Mixed-precision training is becoming the status quo for research engineering, so I decided to do a short exercise to understand exactly how and when tensors are cast into 16-bit and the new class of bugs that can arise. Besides the PyTorch amp library and a few youtube videos that explain numeric representation using 16-bit versus 32-bit, I find this notebook from fast.ai quite useful. It explained away several bugs that I encountered when I naively set every tensor to 16-bit in a large model like the transformer and matches my expectation of where and when true 16-bit training fails due to numerical underflow and overflow. The tutorial suggested three techniques:
1) avoid imprecise weight update: maintain a 32-bit master copy of weight, with which we update with 32-bit gradients.
2) avoid numeric underflow in the 16-bit gradients computed during backprop, especially when the model is very deep: scale the loss as much as we can without overflowing (i.e. dynamically), backprop with this scaled-up loss to get 16-bit gradients (which are not too close to zero anymore), cast to 32-bit, downscale by the same loss scaler, and use this to update the 32-bit master weights.
3) avoid numeric overflow in activations or loss (the opposite problem for gradients): compute the loss in 32-bit, which means casting 16-bit inputs (e.g. logits) into 32-bit and use that to compute the loss. Apply the same to batchnorm layers.
To understand this workflow in detail, I tried the first two suggestions on a toy MLP problem, using the recommended apex library utilities, and without the fast.ai wrappers. The implementation is here, look for `def main_train` which breaks down the workflow into sixteen small steps.
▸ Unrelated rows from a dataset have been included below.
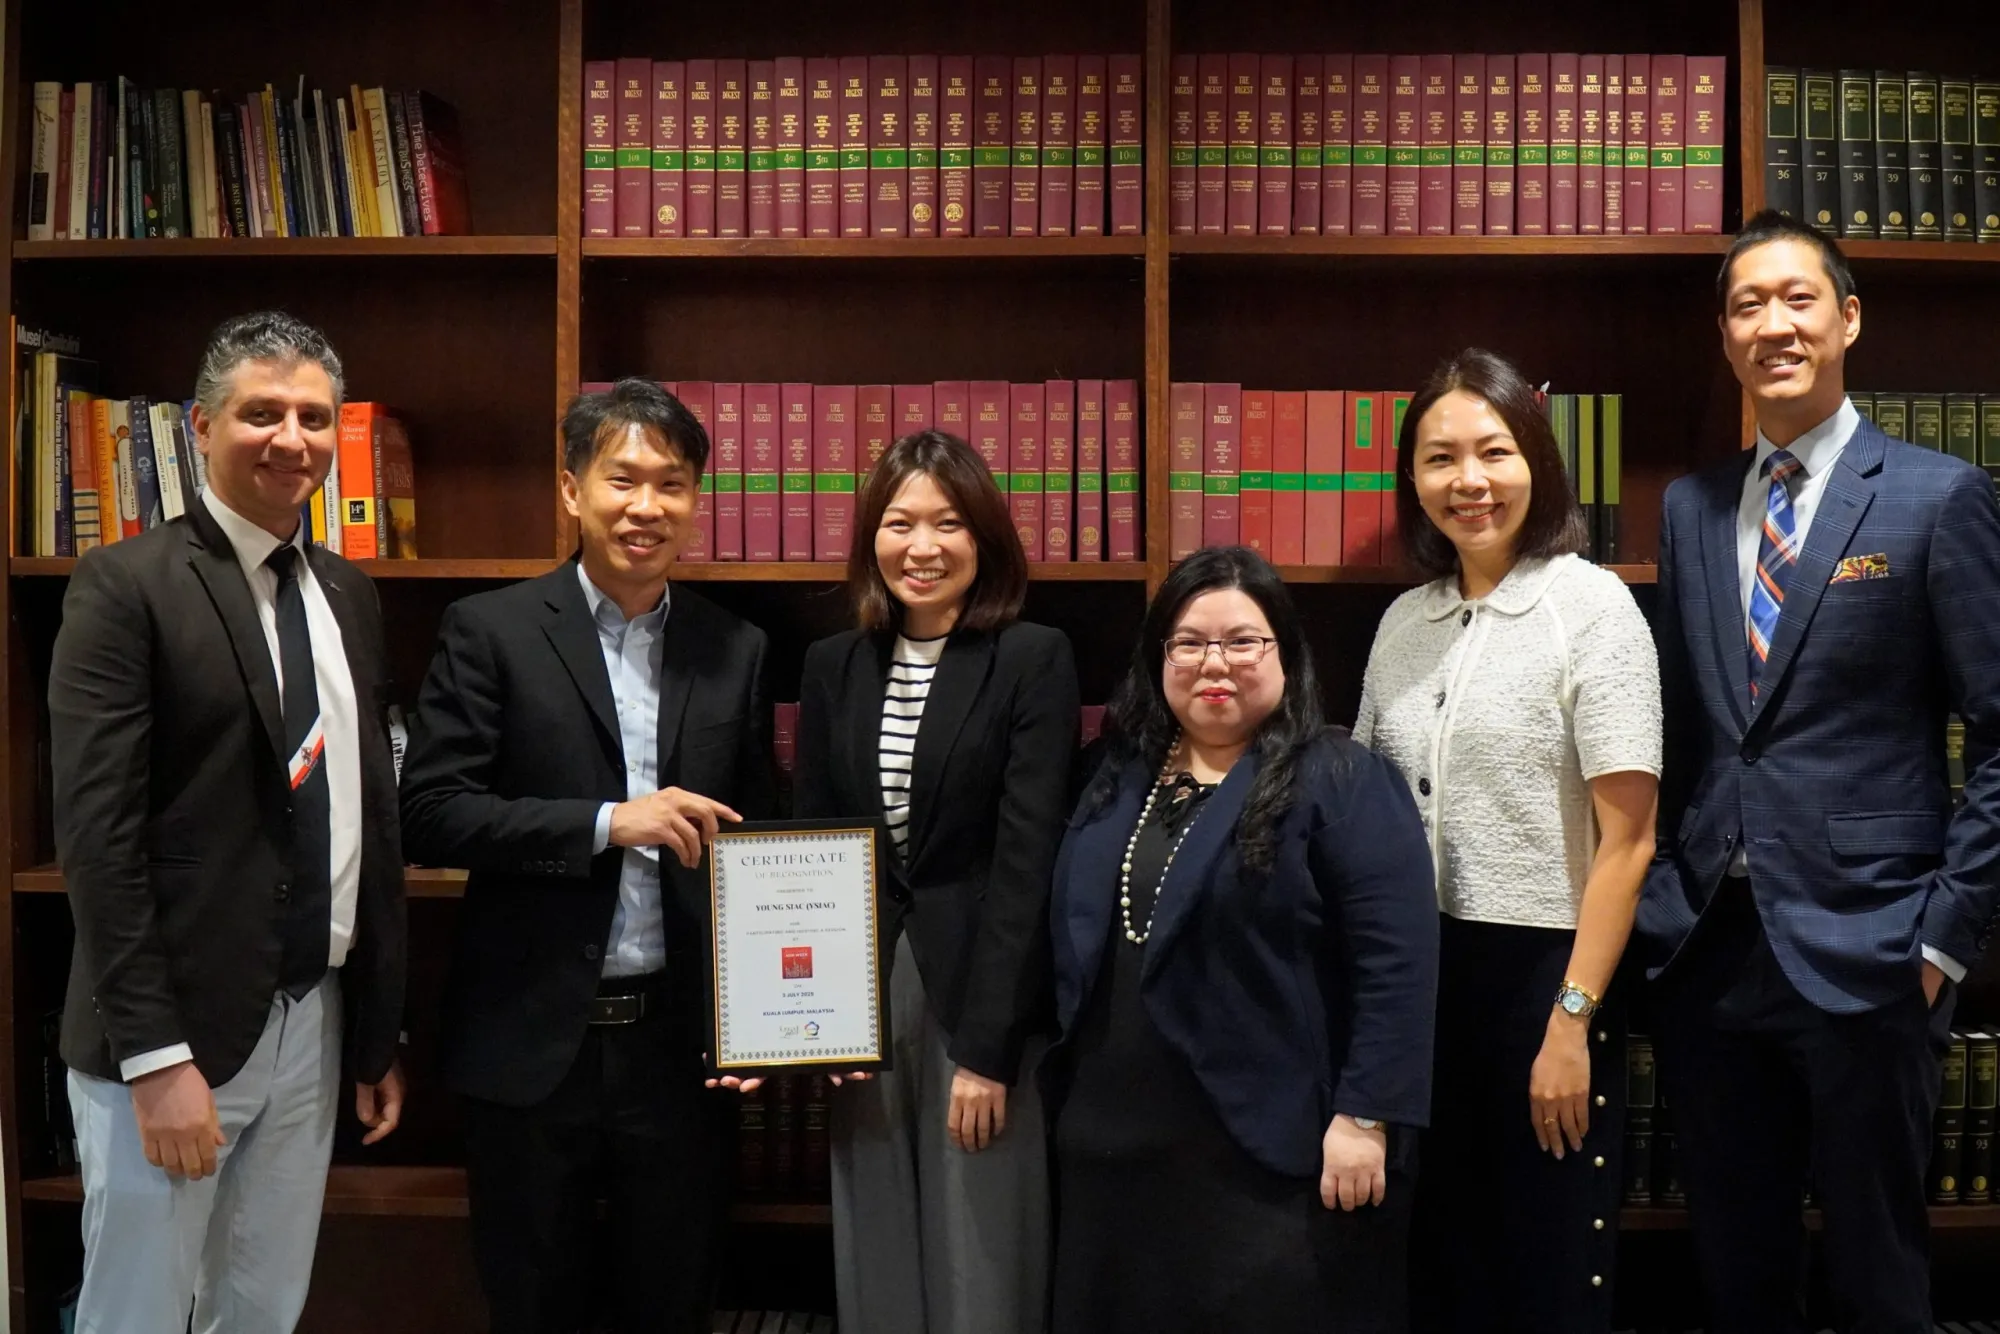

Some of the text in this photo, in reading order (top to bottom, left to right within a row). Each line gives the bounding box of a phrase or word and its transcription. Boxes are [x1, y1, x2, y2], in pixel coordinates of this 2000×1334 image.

[850, 79, 859, 87] THE
[918, 78, 928, 86] THE
[952, 78, 961, 86] THE
[1401, 77, 1410, 85] THE
[1464, 76, 1474, 84] THE
[1496, 77, 1505, 85] THE
[1527, 75, 1537, 83] THE
[1587, 75, 1597, 83] THE
[1632, 76, 1643, 84] THE
[1700, 76, 1710, 84] THE
[696, 82, 705, 90] THE
[818, 80, 828, 88] THE
[1556, 84, 1573, 92] DIGEST
[781, 88, 798, 96] DIGEST
[846, 89, 862, 97] DIGEST
[881, 88, 898, 96] DIGEST
[914, 88, 932, 96] DIGEST
[948, 88, 965, 96] DIGEST
[1523, 85, 1541, 93] DIGEST
[1583, 85, 1601, 93] DIGEST
[1628, 86, 1646, 94] DIGEST
[591, 90, 608, 98] DIGEST
[660, 91, 676, 99] DIGEST
[692, 92, 709, 100] DIGEST
[814, 90, 831, 98] DIGEST
[373, 130, 390, 188] SESSION
[887, 154, 892, 163] 6
[1365, 151, 1375, 159] 45
[1662, 153, 1672, 162] 50
[1697, 151, 1710, 160] 50
[666, 156, 671, 165] 2
[411, 121, 432, 222] Time Detectives
[1778, 170, 1790, 180] 36
[1816, 171, 1828, 181] 37
[1853, 172, 1864, 182] 38
[1887, 173, 1898, 183] 39
[1919, 173, 1931, 183] 40
[1952, 175, 1964, 185] 41
[1985, 177, 1996, 187] 42
[17, 324, 42, 347] Musei
[723, 404, 733, 412] THE
[793, 404, 803, 412] THE
[1085, 402, 1096, 410] THE
[1218, 406, 1228, 414] THE
[719, 413, 737, 421] DIGEST
[789, 414, 807, 422] DIGEST
[1082, 412, 1099, 420] DIGEST
[1022, 478, 1034, 487] 16
[1120, 478, 1130, 487] 18
[741, 852, 847, 866] CERTIFICATE
[755, 869, 833, 879] OF RECOGNITION
[806, 902, 835, 911] (YSIAC)
[1944, 1139, 1956, 1149] 92
I ran a few experiments with to observe gains in memory and wall-time efficiency. The experiments compared a 160M parameters model, 2.5M parameters model and 116K parameters model. Here are two main take-aways:
1) Wall-time speedup is only observed when the model is large(e.g. many wide layers in a MLP) . However, when the model is very large, the master copy of 32-bit weights and 32-bit gradients can take up so much memory that we are not able to scale up the batch size.
2) Memory efficiency (by measuring max memory allocated regularly) is only observed when the model is small. However, when the model is small, the number of matrix multiplications is trivial. We don’t get to take advantage of the increased arithmetic bandwidth—consequently, no wall-time speed ups.
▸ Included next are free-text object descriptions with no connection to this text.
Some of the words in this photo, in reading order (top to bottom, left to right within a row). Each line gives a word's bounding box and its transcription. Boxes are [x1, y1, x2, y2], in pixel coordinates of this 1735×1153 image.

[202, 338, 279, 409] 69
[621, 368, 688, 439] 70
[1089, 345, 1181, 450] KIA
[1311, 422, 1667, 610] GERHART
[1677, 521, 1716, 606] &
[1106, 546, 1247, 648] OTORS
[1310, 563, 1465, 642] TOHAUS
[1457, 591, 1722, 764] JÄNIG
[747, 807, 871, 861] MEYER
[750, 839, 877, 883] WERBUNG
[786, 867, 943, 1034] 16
In practice, there are several ways to implement mixed-precision training. These libraries have been optimized for speedup and memory efficiency. They are also straightforward to incorporate into any given PyTorch module code.
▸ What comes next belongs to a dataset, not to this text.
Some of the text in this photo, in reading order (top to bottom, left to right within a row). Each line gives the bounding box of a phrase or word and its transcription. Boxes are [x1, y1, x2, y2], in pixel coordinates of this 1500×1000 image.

- Certain operations are autocast into float-32. These Ops are more sensitive to numeric underflow or overflow. Hence, the list includes functions that involve logarithm, exponentiation, and normalization.
- Certain operations are autocast into float-16. These Ops typically involve typical linear algebra.
- GradScaler handles loss scaling.
- My implementation of the MLP toy problem using torch.cuda.amp. Compared to the manual implementation, this has less education value but is a lot simpler.
- The trainer class accepts arguments that support full-precision, conservative mixed precision (only ops robust to numerical issues are cast into 16-bit), mixed-precision (maintains a master copy of 32-bit weights) true 16-bit precision.